State Budget Deficits Require Retail Action

Lawmakers likely to chase pandemic financial relief through tobacco product tax hikes
Budget Deficit
Photograph: Shutterstock

LAKEVILLE, Minn. — With governors across the country issuing stay-at-home orders and requiring partial or complete business shutdowns in response to the coronavirus pandemic, state governments have simultaneously experienced significant revenue shortfalls and increased spending. Unlike the federal government, which can incur budget deficits, states are required by their constitutions to balance their budgets every year.

As a result, the Center on Budget and Policy Priorities has issued an estimate of the revenue shortfalls in all 50 states for fiscal years 2020, 2021 and 2022. States could incur an aggregate revenue shortfall of $185 billion in fiscal year 2020, $370 billion in fiscal year 2021 and $210 billion in fiscal year 2022 for a total of $765 billion in lower tax and revenue collections over the three-year period, according to the estimate.

This means that every state could experience budget deficits in the hundreds of millions of dollars, with some states falling billions of dollars short, in comparison to regular projected revenue. With the potential for losing approximately 20% of their expected revenue, and in the event the federal government does not provide additional federal aid to replace some of the lost revenues, state governments will be faced with large spending cuts, significant tax increases, or a combination of both in 2021 and into the following years.

In the Crosshairs

While states impose taxes in a variety of ways—including income taxes, sales taxes and corporate taxes—one area that state lawmakers will likely focus on for raising additional revenue will be state cigarette and tobacco-product tax rates. This threat of cigarette and tobacco-product tax increases needs to be taken seriously by retailers because cigarettes and tobacco products make up a significant portion of in-store sales for the average convenience store.
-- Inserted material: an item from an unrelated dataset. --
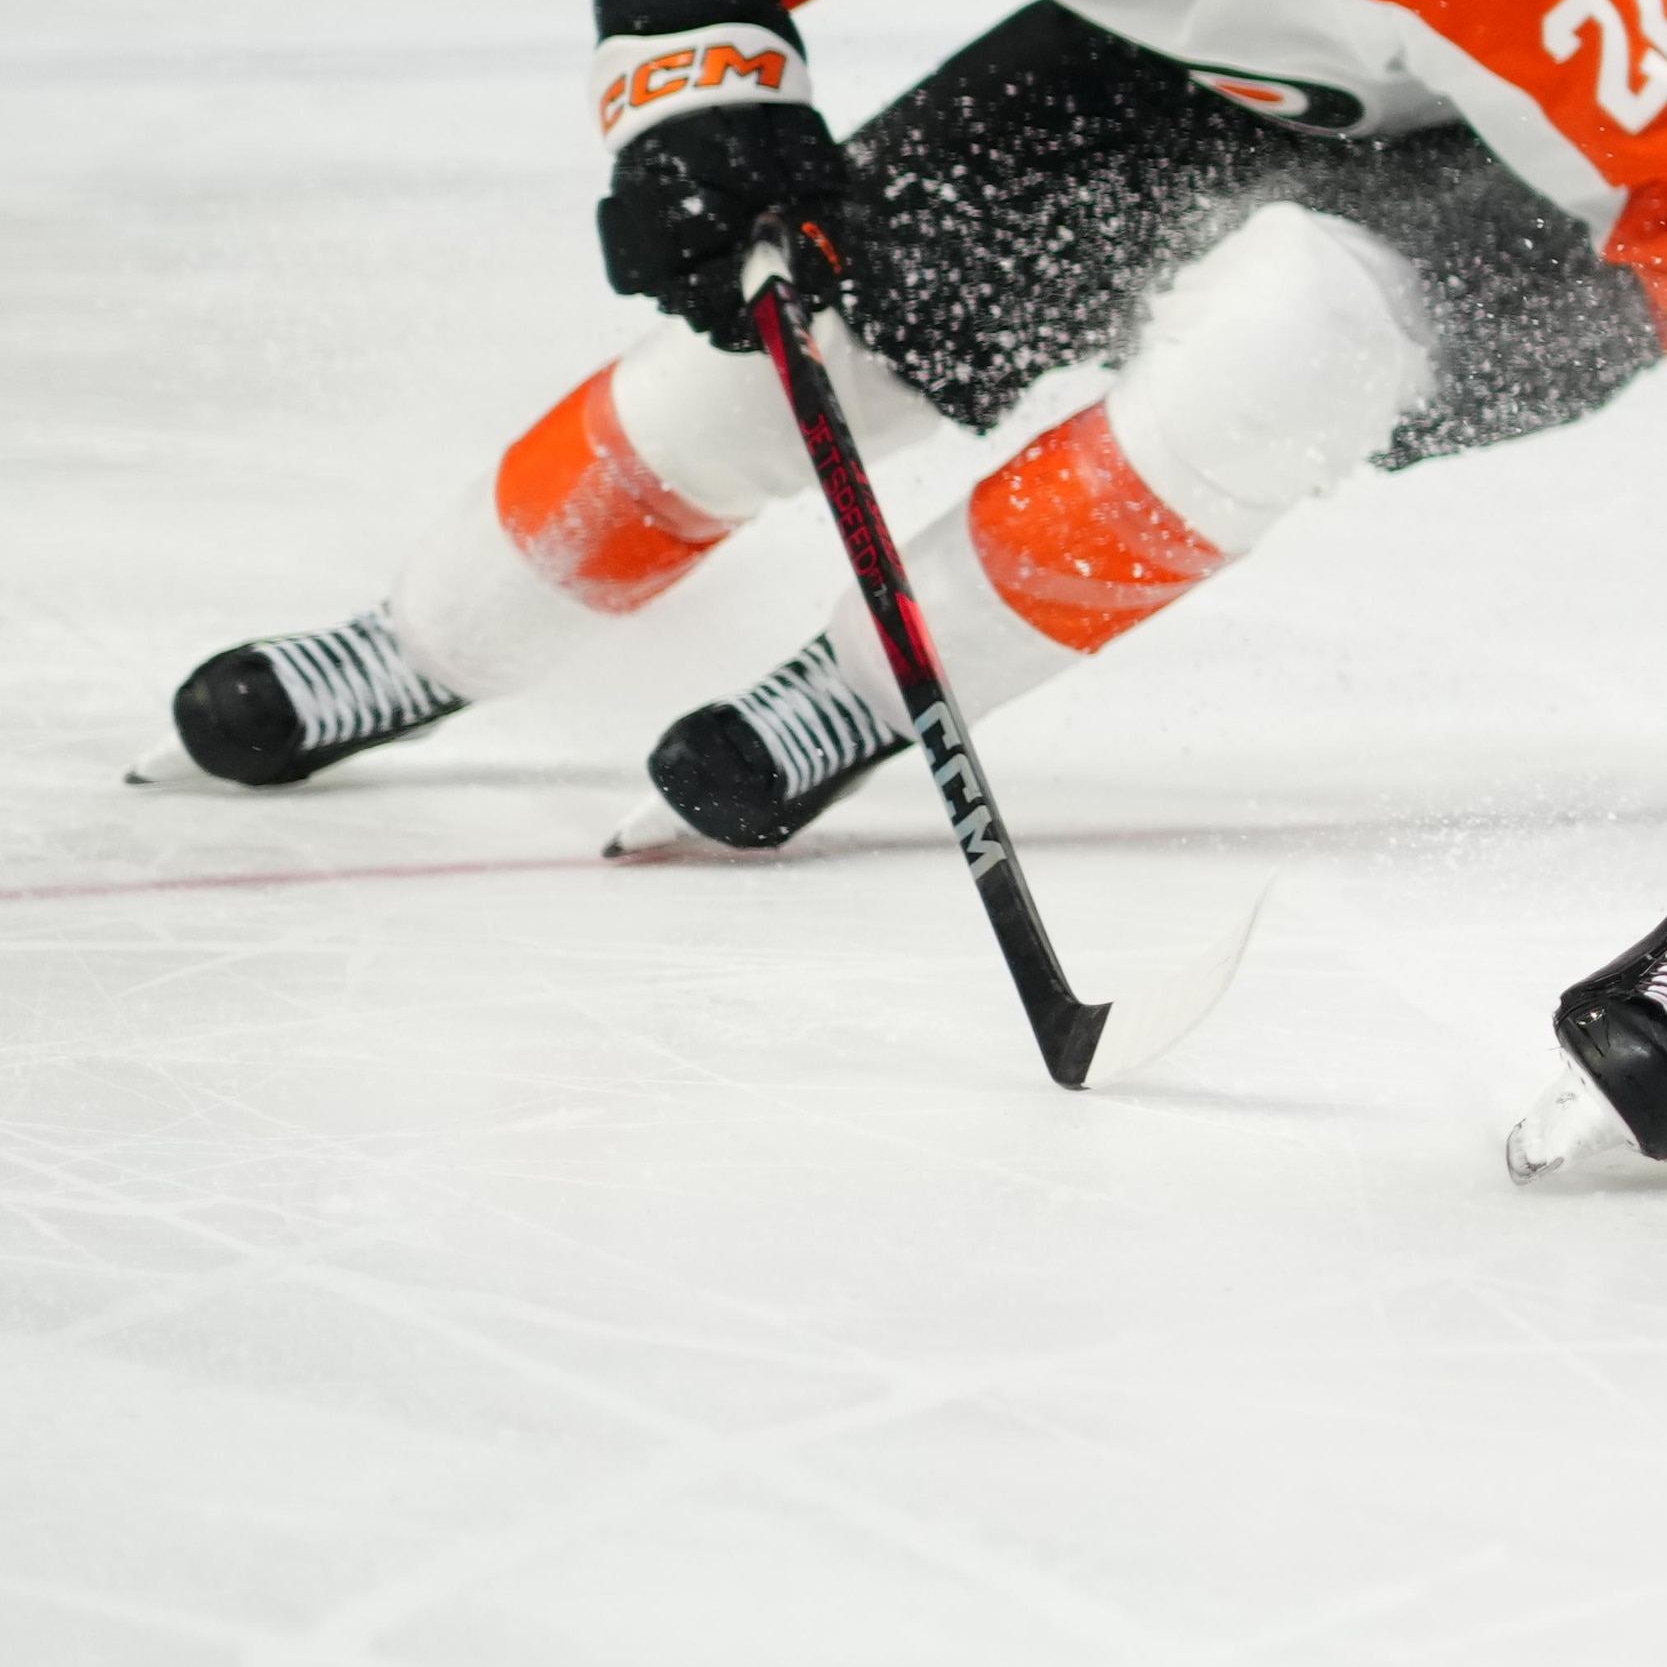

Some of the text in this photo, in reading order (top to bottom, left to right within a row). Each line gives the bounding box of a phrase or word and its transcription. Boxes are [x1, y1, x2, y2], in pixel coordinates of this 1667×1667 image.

[600, 44, 787, 137] CCM
[800, 413, 879, 576] JETSPEED
[913, 700, 1007, 880] CCM
Retailers need to be proactive and reach out to their state lawmakers ahead of the coming 2021 state legislative sessions. Communicating with lawmakers about the impact of higher cigarette and tobacco-product tax rates is critical to educate elected officials about the consequences of higher tax rates. Perhaps now more than ever, the budget shortfalls that states will be facing require retail businesses to contact the state lawmakers that represent the districts in which their stores are located and urge them to consider what may happen if cigarette and tobacco tax rates are raised.
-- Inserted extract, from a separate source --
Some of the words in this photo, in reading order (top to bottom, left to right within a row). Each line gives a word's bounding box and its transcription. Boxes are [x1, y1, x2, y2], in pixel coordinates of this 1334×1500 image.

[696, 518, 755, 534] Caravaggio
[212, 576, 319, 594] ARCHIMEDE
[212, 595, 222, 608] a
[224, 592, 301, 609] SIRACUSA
The consequences of increased tax rates may include the following:

  • The regressive nature of cigarette and tobacco taxes on lower income individuals will be magnified.
  • Consumers will seek out lower priced sources of cigarettes and tobacco products in neighboring states, over the internet or from illicit markets.
  • Lower sales will result in lost retail income that currently supports retaining employees and keeping stores open.
  • States that increase cigarette and tobacco tax rates could collect less in excise tax revenue than before the tax increases, placing further pressure on budget deficits.

Retail Reputation

Being designated as an “essential business” and remaining open during the coronavirus pandemic has been a significant challenge, and raising tax rates will only negatively impact convenience retailers by putting more downward pressure on sales.

Now is the time for retailers to call and e-mail state lawmakers and express their concerns about future cigarette and tobacco-product tax increases. The contact information for state legislators is listed on each state’s legislative website. Taking a few minutes to make a phone call or compose an e-mail could have a positive impact on the eventual outcome of what is sure to be a number of bills introduced in 2021 to raise cigarette and tobacco product tax rates.